The UK data watchdog says it is “making enquiries with Microsoft” over a new feature that can take screenshots of your laptop every few seconds. Microsoft says Recall, which will store encrypted snapshots locally on your computer, is exclusive to its forthcoming Copilot+ PCs.
But the Information Commissioner's Office (ICO) says it is contacting Microsoft for more information on the safety of the product, which privacy campaigners have called a potential “privacy nightmare”. Microsoft says Recall is an “optional experience” and it is committed to privacy and security.
According to its website, users “can limit which snapshots Recall collects”.
“Recall data is only stored locally and not accessed by Microsoft or anyone who does not have device access,” the firm said in a statement. And it said a would-be hacker would need to gain physical access to your device, unlock it and sign in before they could access saved screenshots.
But an ICO spokesperson said firms must “rigorously assess and mitigate risks to peoples' rights and freedoms” before bringing any new products to market.
“We are making enquiries with Microsoft to understand the safeguards in place to protect user privacy,” they said.
‘Chilling'
Recall has the ability to search through all users' past activity including files, photos, emails and browsing history. Many devices can already do this – but Recall also takes screenshots every few seconds and searches these too.
“This could be a privacy nightmare,” said Dr Kris Shrishak, an adviser on AI and privacy.
“The mere fact that screenshots will be taken during use of the device could have a chilling effect on people.”
Microsoft says it “built privacy into Recall’s design” from the beginning, and users will have control over what is captured. For example, users can opt out of capturing certain websites, and private browsing on Microsoft's own Edge browser will not be captured.
“People might avoid visiting certain websites and accessing documents, especially confidential documents, when Microsoft is taking screenshots every few seconds,” said Dr Shrishak. And Daniel Tozer, data and privacy expert at Keystone Law, said the system reminded him of dystopian Netflix programme Black Mirror.
“Microsoft will need a lawful basis to record and re-display the user’s personal information,” he said.
“There may well be information on the screen which is proprietary or confidential to the user’s employer; will the business be happy for Microsoft to be recording this? And he asked how consent would work for people appearing on the screen on a video call or photo.
“Are they going to be given the choice as to whether to consent to that?
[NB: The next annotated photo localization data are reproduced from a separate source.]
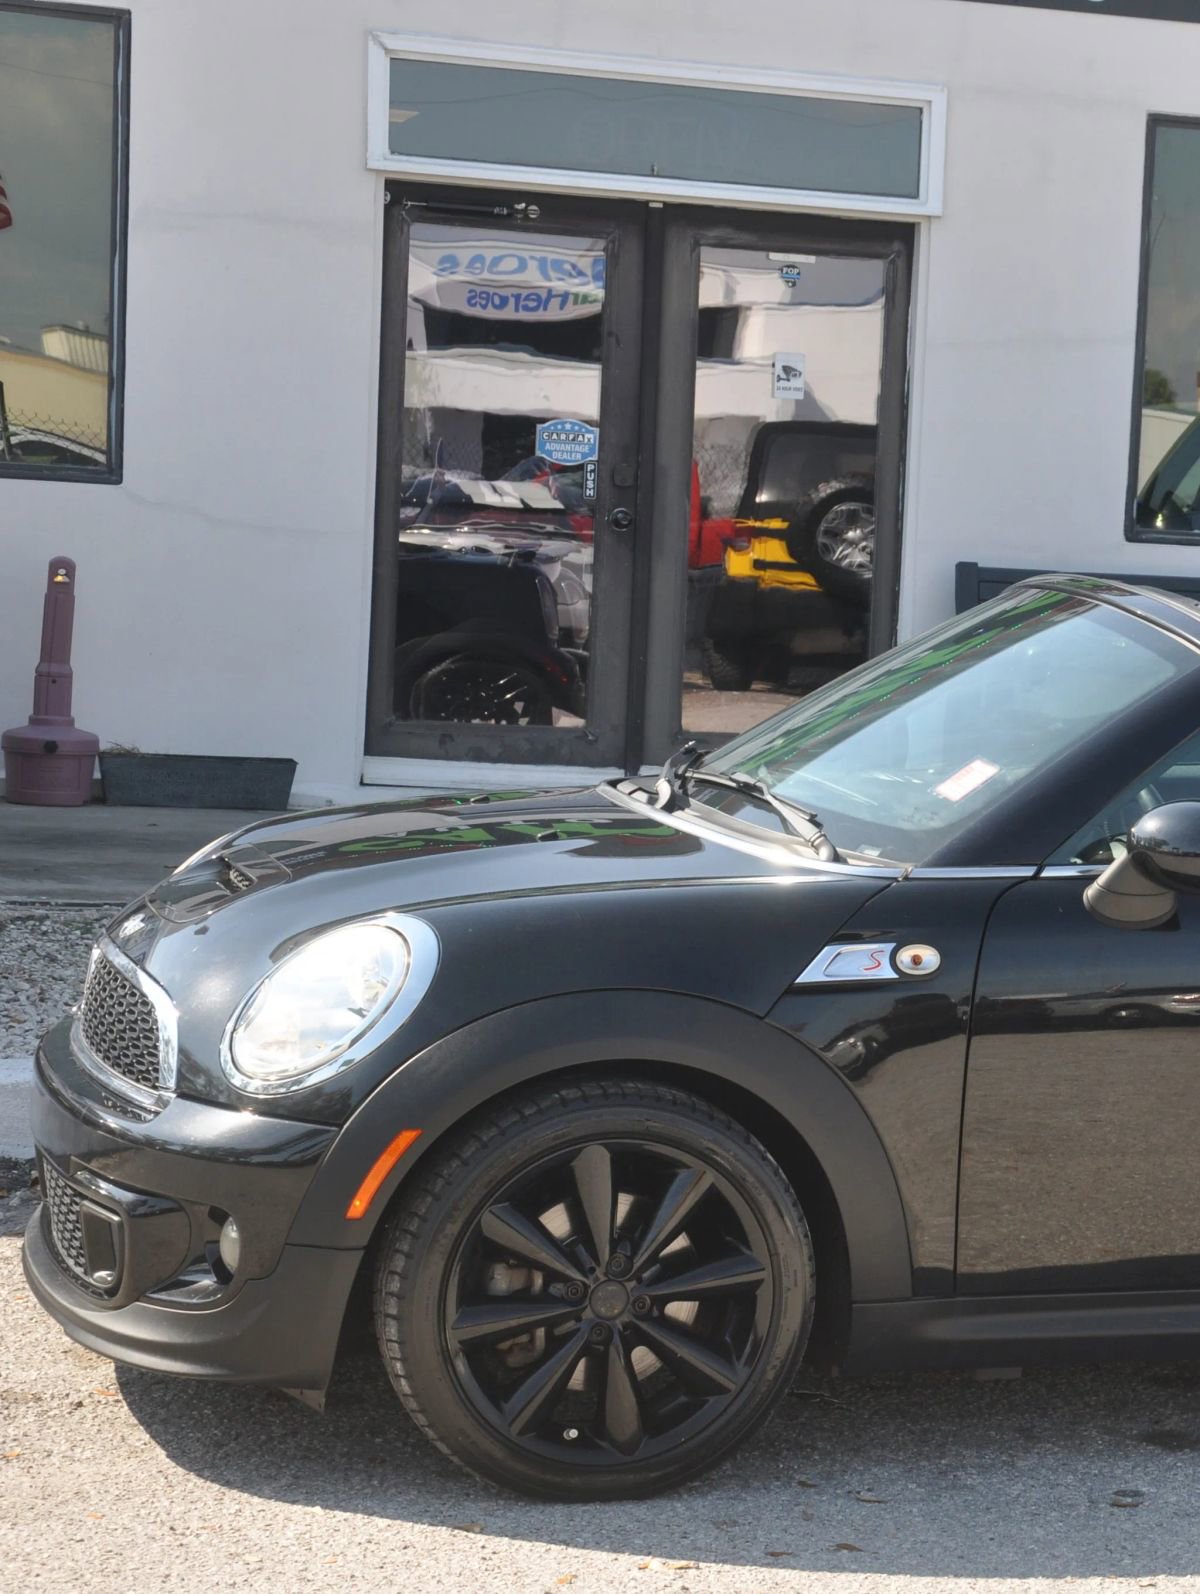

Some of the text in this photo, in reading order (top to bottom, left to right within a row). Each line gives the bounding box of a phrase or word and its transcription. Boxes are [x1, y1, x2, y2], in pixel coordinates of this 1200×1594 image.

[542, 432, 594, 444] CARFAX
[545, 442, 590, 453] ADVANTAGE
[552, 451, 582, 460] DEALER
[586, 464, 595, 497] PUSH
[863, 950, 885, 971] S
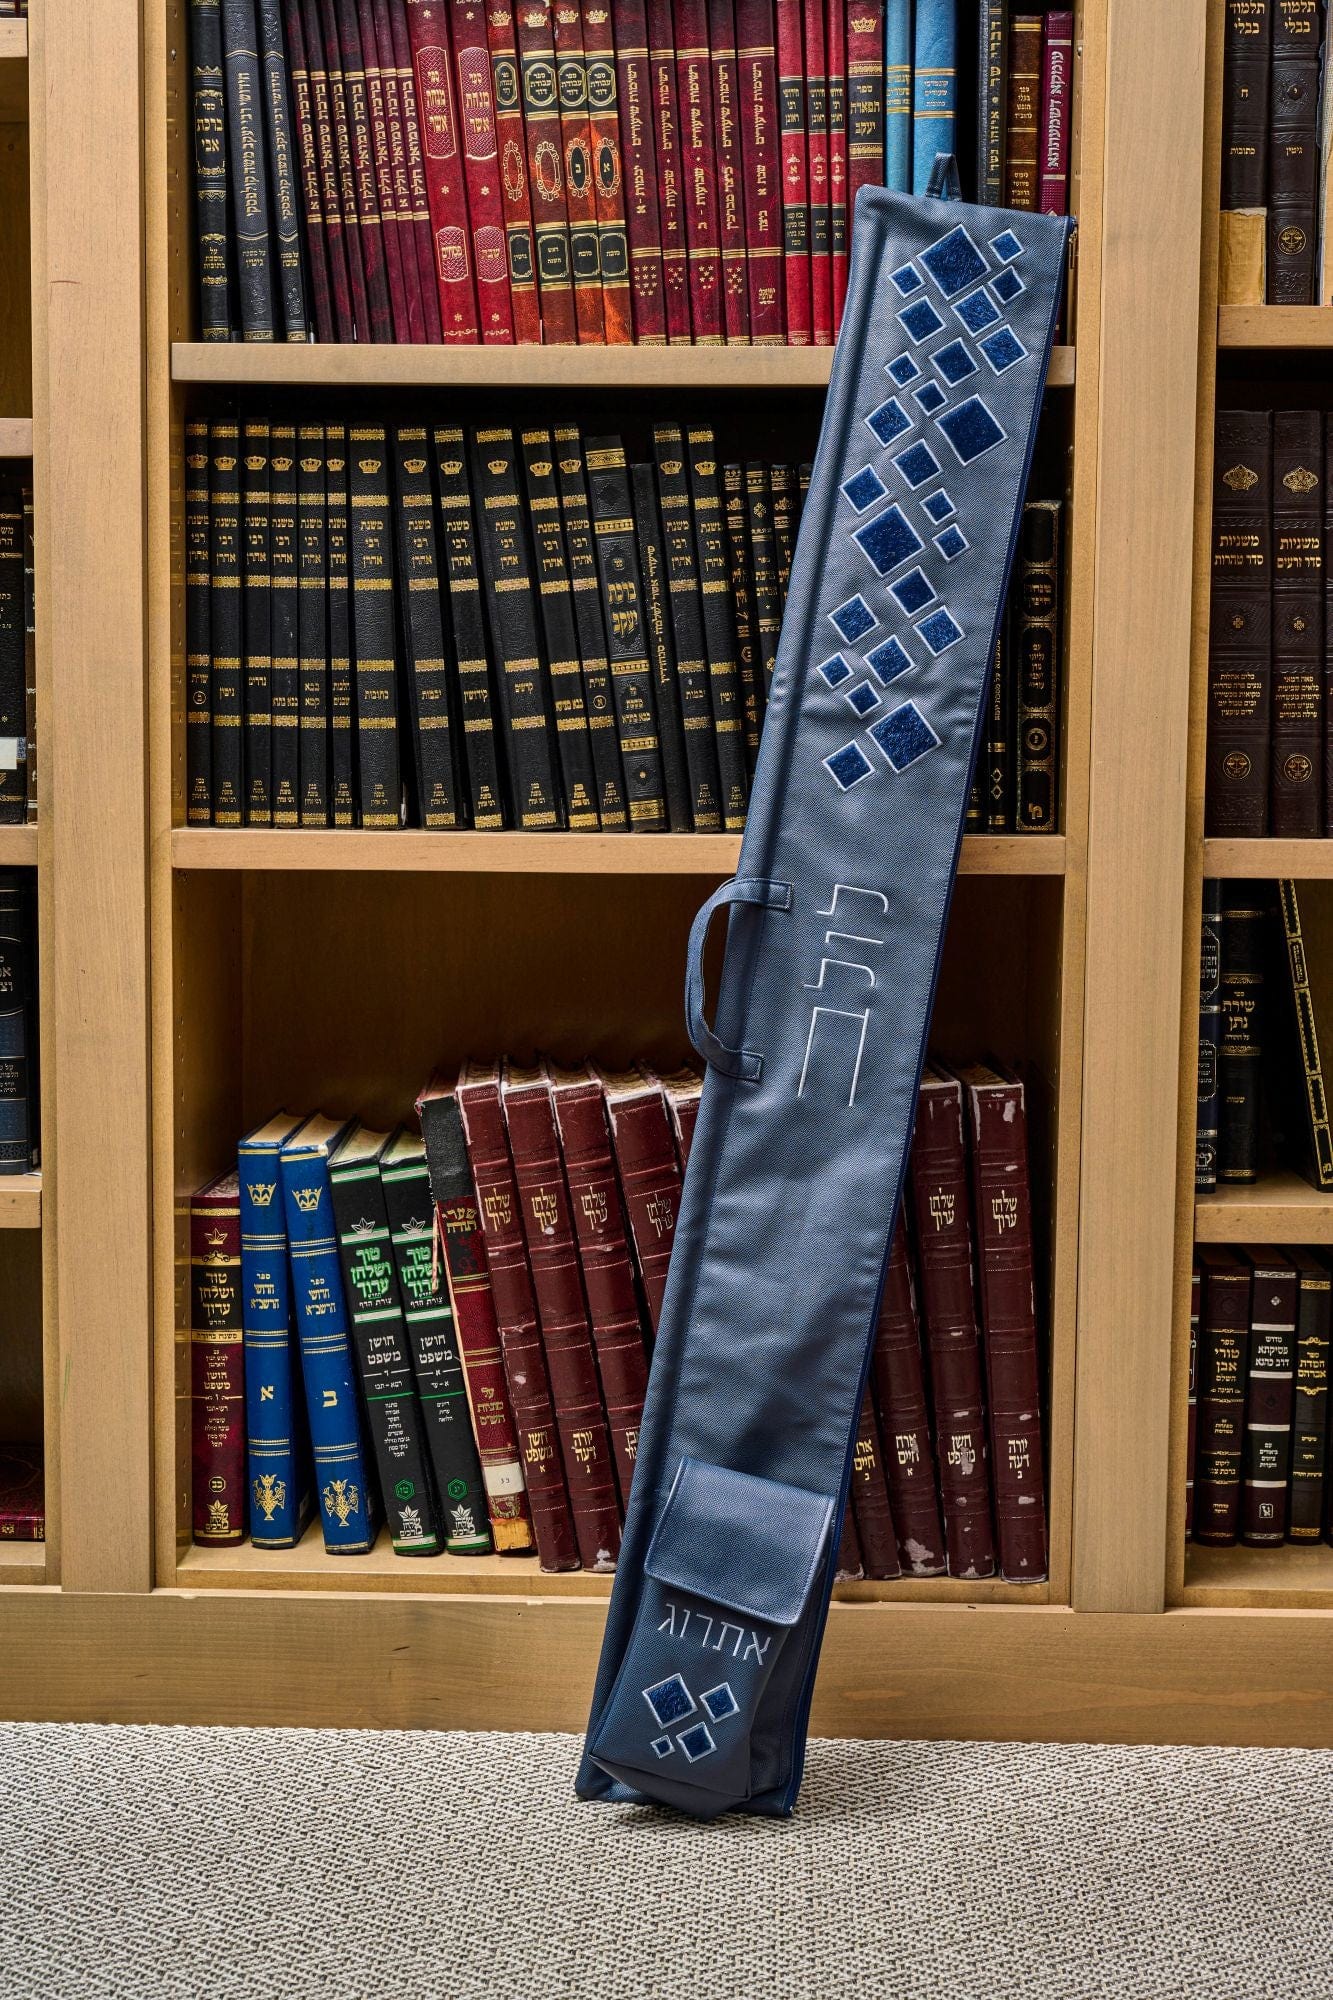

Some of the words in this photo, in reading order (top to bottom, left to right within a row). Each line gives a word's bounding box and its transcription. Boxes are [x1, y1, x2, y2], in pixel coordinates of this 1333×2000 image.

User and access controls will be a key issue on which Microsoft will doubtless be focussing,” he said.
Passwords screengrabbed
Meanwhile, Jen Caltrider, who leads a privacy team at Mozilla, suggested the plans meant someone who knew your password could now access your history in more detail.
“[This includes] law enforcement court orders, or even from Microsoft if they change their mind about keeping all this content local and not using it for targeted advertising or training their AIs down the line,” she said.
According to Microsoft, Recall will not moderate or remove information from screenshots which contain passwords or financial account information.
“That data may be in snapshots that are stored on your device, especially when sites do not follow standard internet protocols like cloaking password entry,” said Ms Caltrider.
“I wouldn’t want to use a computer running Recall to do anything I wouldn’t do in front of a busload of strangers.
“That means no more logging into financial accounts, looking up sensitive health information, asking embarrassing questions, or even looking up information about a domestic violence shelter, reproductive health clinic, or immigration lawyer.”